Encélado es una luna helada de Saturno con géiseres activos y un océano bajo su corteza

Encélado es uno de los satélites más geológicamente activos del Sistema Solar pese a su pequeño tamaño. Su superficie, formada principalmente por hielo de agua de alta reflectancia, alterna terrenos antiguos intensamente craterizados con regiones mucho más jóvenes donde la corteza ha sido fracturada y reorganizada. En el hemisferio sur, un sistema de fracturas paralelas conocido como “rayas de tigre” constituye el origen de penachos de vapor de agua y partículas de hielo expulsados al espacio.

Las observaciones realizadas por la misión Cassini–Huygens mostraron que estos penachos contienen agua, sales, compuestos orgánicos y granos microscópicos de hielo procedentes del interior del satélite. El análisis de las partículas del penacho, junto con las perturbaciones gravitatorias medidas durante varios sobrevuelos, ha llevado a proponer la existencia de un océano líquido bajo la corteza helada, posiblemente en contacto con un núcleo rocoso. No obstante, la estructura exacta del interior de Encélado y los mecanismos que sostienen su actividad continúan describiéndose mediante distintos modelos compatibles con los datos disponibles.
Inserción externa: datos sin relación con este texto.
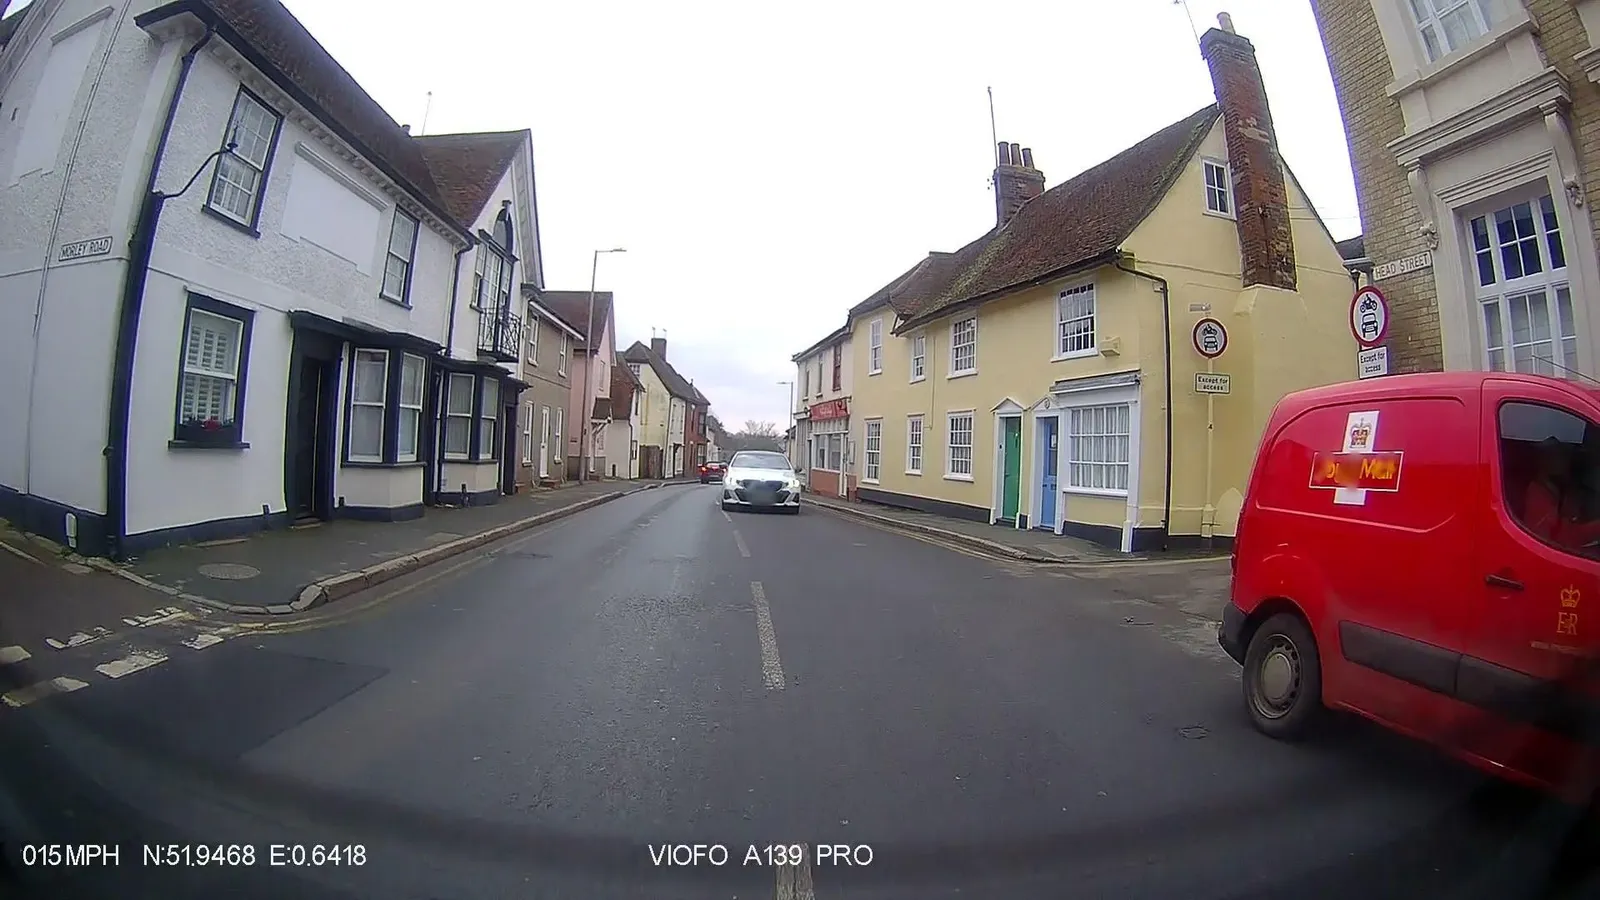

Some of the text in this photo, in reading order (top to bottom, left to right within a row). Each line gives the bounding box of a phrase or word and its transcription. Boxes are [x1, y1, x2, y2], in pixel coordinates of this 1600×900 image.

El material expulsado por los géiseres forma una tenue exosfera alrededor del satélite y alimenta el anillo E de Saturno, una estructura difusa compuesta principalmente por partículas microscópicas de hielo. Esta relación directa entre la actividad interna de Encélado y el entorno del sistema saturniano convierte a esta pequeña luna en uno de los objetos más estudiados del Sistema Solar exterior.

Encélado en el sistema de Saturno

Encélado orbita a unos 238.000 kilómetros de Saturno, en la región interior de su sistema de satélites. Completa una órbita en 1,37 días y mantiene rotación síncrona, por lo que siempre presenta la misma cara hacia el planeta. Su órbita está controlada por una resonancia gravitatoria 2:1 con Dione, que introduce pequeñas variaciones en su excentricidad orbital. Estas variaciones generan deformaciones periódicas del satélite y producen calentamiento interno por disipación de marea.
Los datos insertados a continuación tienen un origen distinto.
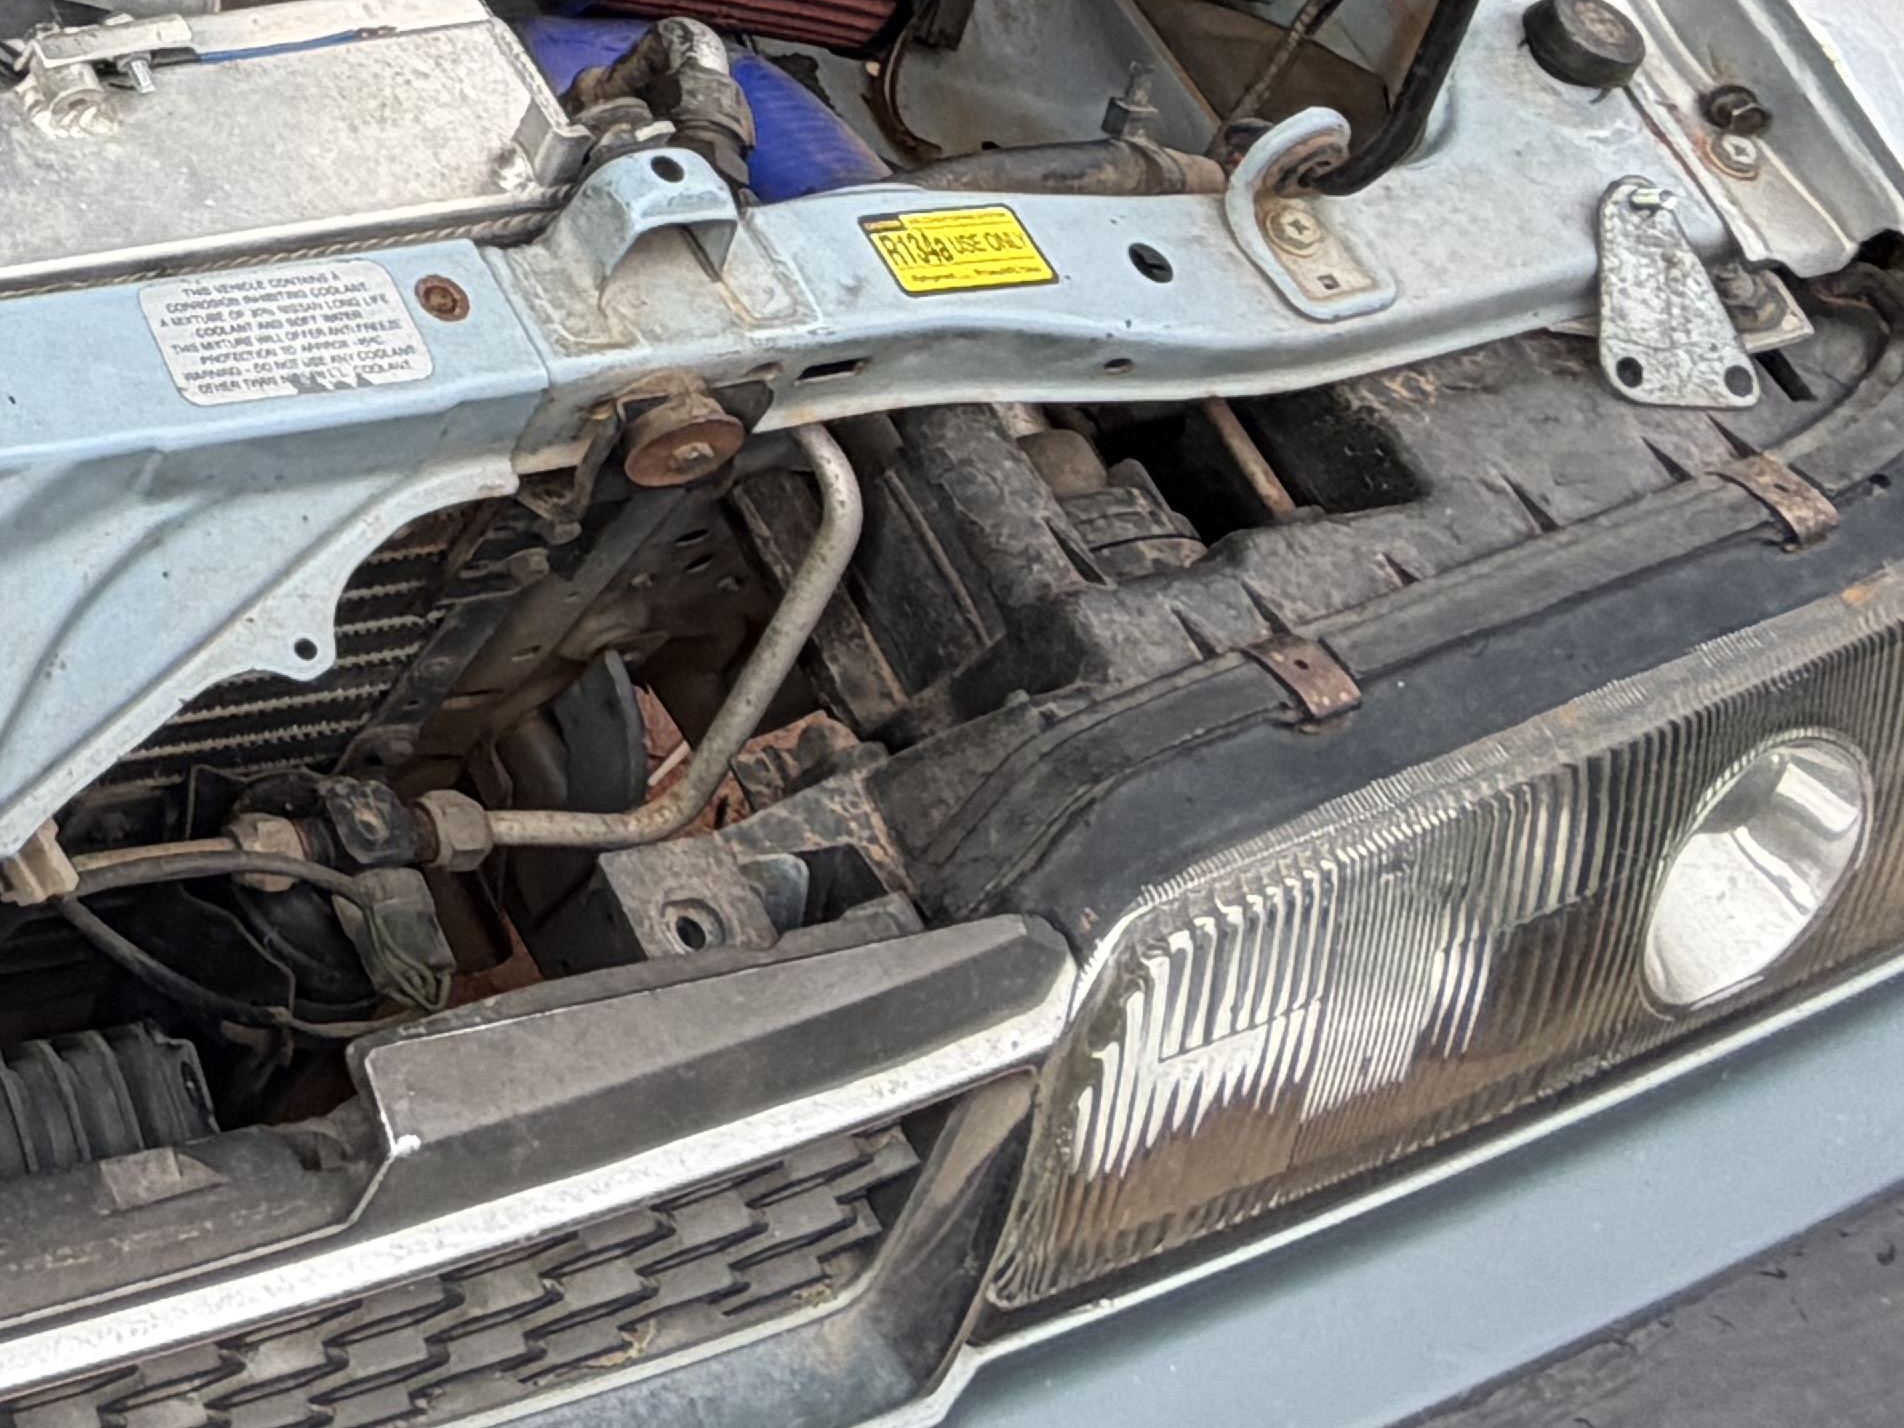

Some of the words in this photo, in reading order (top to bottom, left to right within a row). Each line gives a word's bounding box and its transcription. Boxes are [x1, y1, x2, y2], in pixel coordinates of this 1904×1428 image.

Encélado se desplaza dentro de la magnetosfera de Saturno, un entorno dominado por plasma y partículas energéticas que alteran químicamente el hielo superficial mediante radiolisis y sputtering (expulsión de átomos o moléculas del hielo causada por impactos de partículas energéticas).

Parte del material liberado escapa al espacio y alimenta el anillo E de Saturno, una nube difusa de partículas de hielo que se extiende a lo largo de la órbita del satélite.

Propiedades físicas de Encélado

Encélado tiene un diámetro medio de unos 504 kilómetros, lo que lo sitúa entre los satélites helados de tamaño medio del sistema de Saturno. Su masa, de aproximadamente 1,08 × 10²⁰ kilogramos, y su densidad media de 1,61 g/cm³ indican una composición dominada por hielo de agua mezclado con materiales rocosos.

La gravedad superficial, de unos 0,11 m/s², es extremadamente baja, por lo que parte del material expulsado desde el polo sur alcanza velocidades suficientes para escapar al espacio o incorporarse al anillo E de Saturno.

La superficie de Encélado presenta una reflectancia muy alta, una de las mayores del Sistema Solar. Su albedo geométrico superior a 0,8 indica que amplias regiones están cubiertas por hielo relativamente limpio y geológicamente reciente.

Las temperaturas superficiales suelen situarse cerca de –200 °C, aunque en las fracturas activas del polo sur se han detectado zonas térmicamente anómalas asociadas a la liberación de calor desde el interior.

Estructura interna y océano subsuperficial de Encélado

Las mediciones gravitatorias y de libración obtenidas por la misión Cassini–Huygens indican que el interior de Encélado está diferenciado. Los modelos derivados de estos datos describen un satélite compuesto por un núcleo rocoso, una capa de agua líquida y una corteza exterior de hielo, aunque el tamaño exacto de estas capas depende de los parámetros térmicos adoptados.

El núcleo interior se interpreta habitualmente como un cuerpo rocoso poroso. Modelos desarrollados por investigadores como Hemingway y colaboradores muestran que esta porosidad permitiría la circulación de agua a través del núcleo. Este intercambio entre roca y agua podría favorecer reacciones hidrotermales capaces de modificar la composición química del océano.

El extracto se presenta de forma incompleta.